Меня слегка мутит, я опускаю руку вместе с ножом. Нет, я никогда не смогу это сделать. Может быть, именно сейчас, в настоящее время, я не готов провести ампутацию. Может быть, внутренний голос прав, и это самоубийство. Сперва я должен окончательно отчаяться. Возможно, потом, через какое-то время, я наберусь достаточной смелости? Но что должно произойти со мной, чтобы я оказался готов? И не исключено, что внутренний голос прав: ампутация — это самоубийство. Кто знает, вдруг уже завтра сюда придет какой-нибудь случайный путник? Все, в чем я сейчас хочу быть уверен, — это в том, что, если возникнет необходимость для долгой и мучительной операции — если мне придется пилить свои собственные кости так же, как я пилил каменную пробку, — мне нельзя терять присутствия духа, моя моральная готовность должна быть на необычайной высоте. Я содрогаюсь от одной мысли об этом, глаза закрываются, рот распахивается. Я представляю себе пятна крови на стенах каньона, обрывки плоти и мышц, свисающие кровавыми ошметками с двух белых костей, рябых от последствий всех усилий прорубиться через руку. Я вижу, как голова моя безжизненно падает на грудь, тело оседает, повисая на костях, едва-едва оцарапанных ножом. Это похоже на то, как смотришь заключительную сцену фильма, но затемнения нет. Нет режиссера, который уведет в черноту самое страшное. Кошмар, вызванный моим воображением, заставляет меня положить ножик на валун. Меня мутит.

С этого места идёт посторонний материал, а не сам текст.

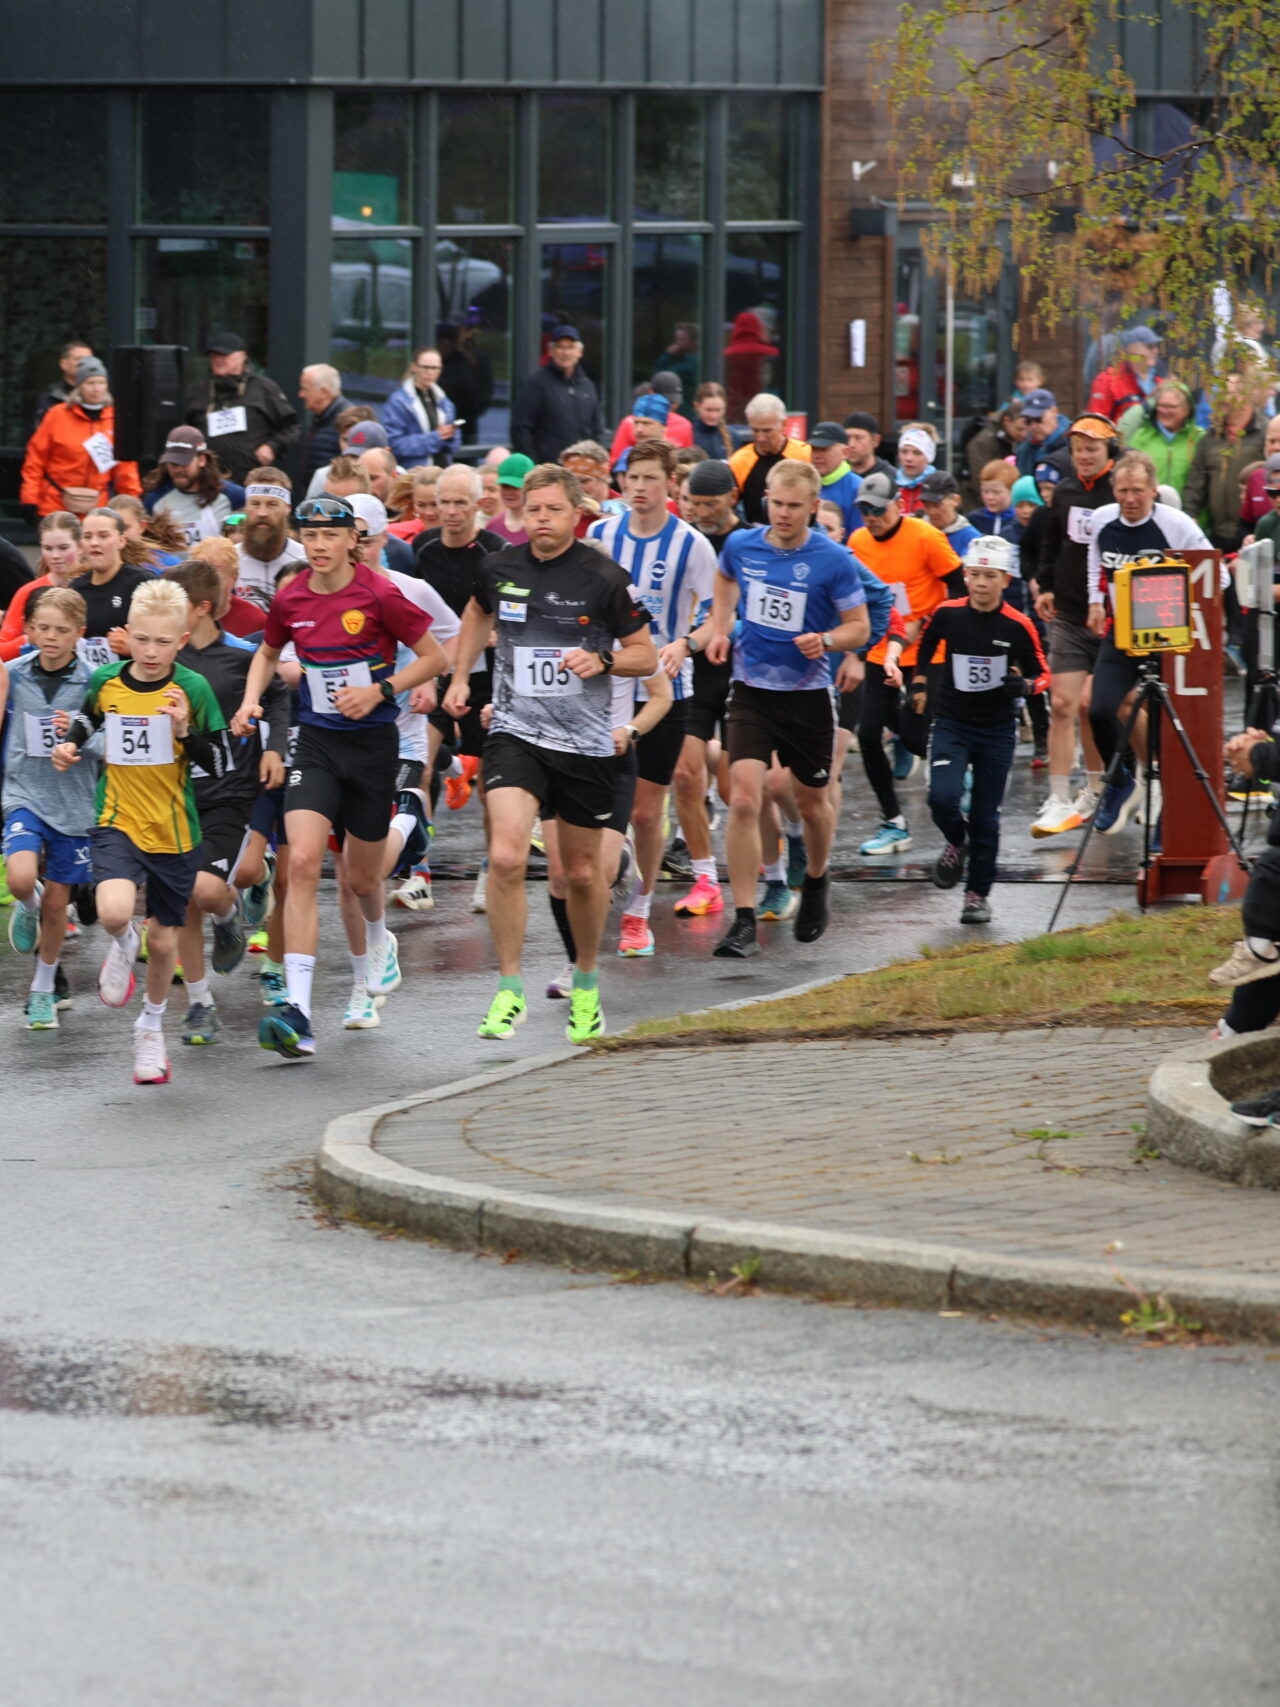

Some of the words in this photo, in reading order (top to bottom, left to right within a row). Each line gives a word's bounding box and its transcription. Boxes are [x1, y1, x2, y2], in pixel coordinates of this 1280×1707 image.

Я медленно моргаю, кровавый образ начинает кружиться в тошнотворном водовороте, но затем состояние стабилизируется, и я постепенно прихожу в себя. Закончив отвратительные медицинские опыты, я снова оцениваю свою ситуацию. Я перепробовал все варианты, и каждый из них оказался или неэффективным, или смертоносным. У меня не осталось больше вариантов. Каждый из них я исследовал и попробовал все сценарии, но не могу продвинуться дальше ни по одному. По каждому пути я прошел так далеко, как смог, и я не могу реализовать ни один из них. Я умру раньше, чем придет помощь, я не могу вытащить кисть, не могу сдвинуть камень, не могу его раскрошить, не могу его поднять. Я не могу отрезать себе руку. Впервые я впадаю в глубокую депрессию. Я загнан в угол, оптимизм, поддерживавший мои силы в течение предыдущего дня, улетучивается. Мне страшно и одиноко, я злюсь, я начинаю ныть: «Я умру». Видимо, это случится не прямо сейчас, через ближайшие пару дней, но какая разница, когда именно.